Enter Don Brash, who has turned living in the past into a career (sort of the Jacob Rees-Mogg of NZ politics), who said that there was nothing to regret.

Oh dear, what to say about Don?  His past is littered with the corpses of poor judgement, from the use of the weaponised conservatism of the Exclusive Brethren to try to win the 2005 election, to his various affairs, his corned-beef-and-peas lifestyle and the creation of the Hobson’s Pledge organisation which promotes highly colonised views of the history of Aotearoa. He is out of touch not only with people who have progressive views, but even with the political right.  He once claimed he would, as Act leader, get 15% of the vote, and won 1%.

So now we have the unedifying sight of Don Brash arguing with Dame Anne Salmond over how many Māori were actually killed in that first encounter – was it five or nine?  Brash claims, from the account of Cook, that four or five were killed. Local Māori think there were nine, a view supported by Professor Salmond. However, she notes that the accounts of how many were killed are inevitably ‘confused’.  In her (immortal) words:

“When you’re shooting people with muskets you can’t necessarily see who’s dead and who’s not.”

The 250th thus passes this week in some celebration, lots of commemoration, a significant amount of mourning and hopefully some soul-searching about the forms of colonialism this first contact eventually brought to the shores of this incredible nation.
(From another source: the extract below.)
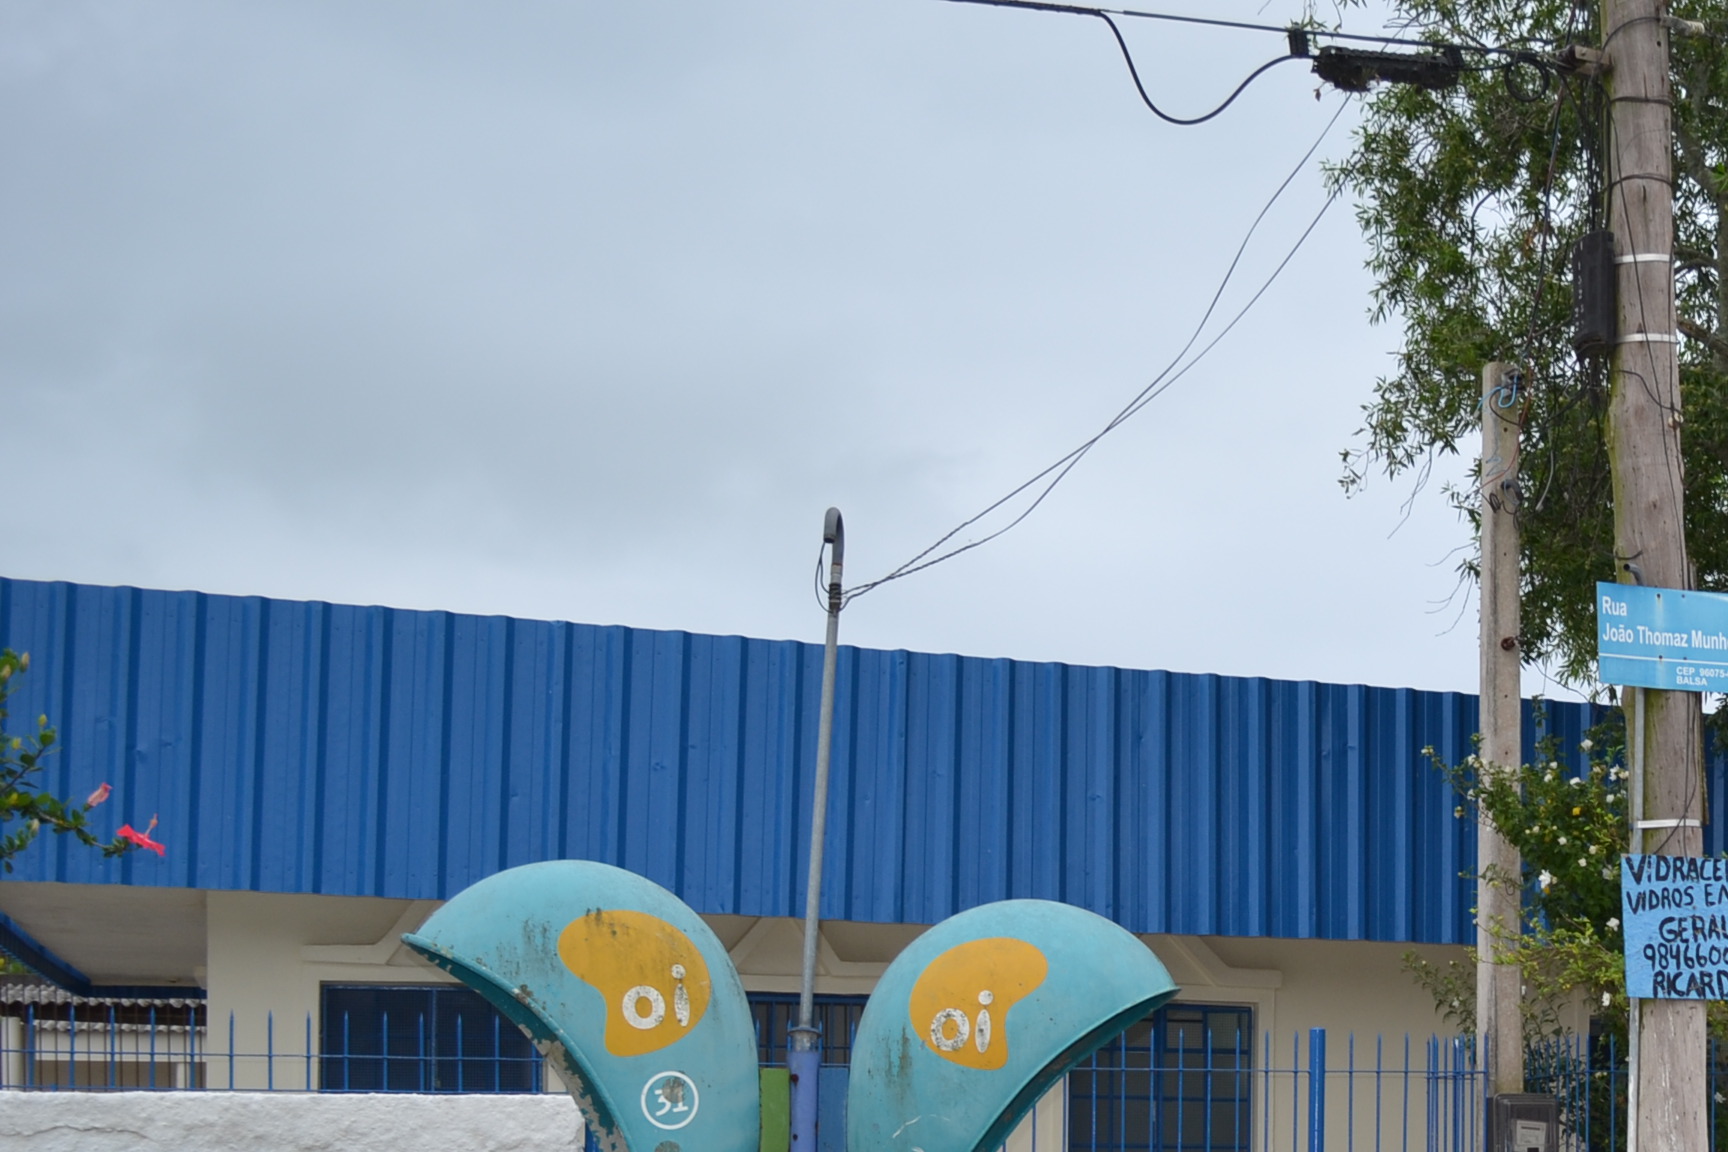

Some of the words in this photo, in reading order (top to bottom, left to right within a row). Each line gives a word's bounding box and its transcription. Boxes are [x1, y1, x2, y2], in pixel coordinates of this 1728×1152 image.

Māori today are finding new pathways through critiques of colonialism, cultural revival and the making of new economic and social opportunities.  Those who hate or fear such movements, or who insist on imposing discredited old white interpretations of history onto the indigenous people, are standing in the way of progress towards a socially just future.

 The National Party no longer embraces Brash’s views, although they did so with gusto in 2005 until the rotten core of racism was exposed through the collaboration with the shadowy and sinister Brethren. Brash’s views are no longer prominent but they are undoubtedly still present in a small proportion of the population. Perhaps, by the 500th birthday, the injustices of the past will be fully resolved and redress achieved, with a full acknowledgement of our remorseful history.  But I wouldn’t hold my breath.

Dr Liz Gordon is a researcher and a barrister, with interests in destroying neo-liberalism in all its forms and moving towards a socially just society.  She usually blogs on justice, social welfare and education topics.

6 COMMENTS

  1. Brash I have long seen as a Peter Pan of politics – like the boy who never grew up. He can say fairly idiotic things with the endearing earnestness that smart kids use to cajole indulgent mothers.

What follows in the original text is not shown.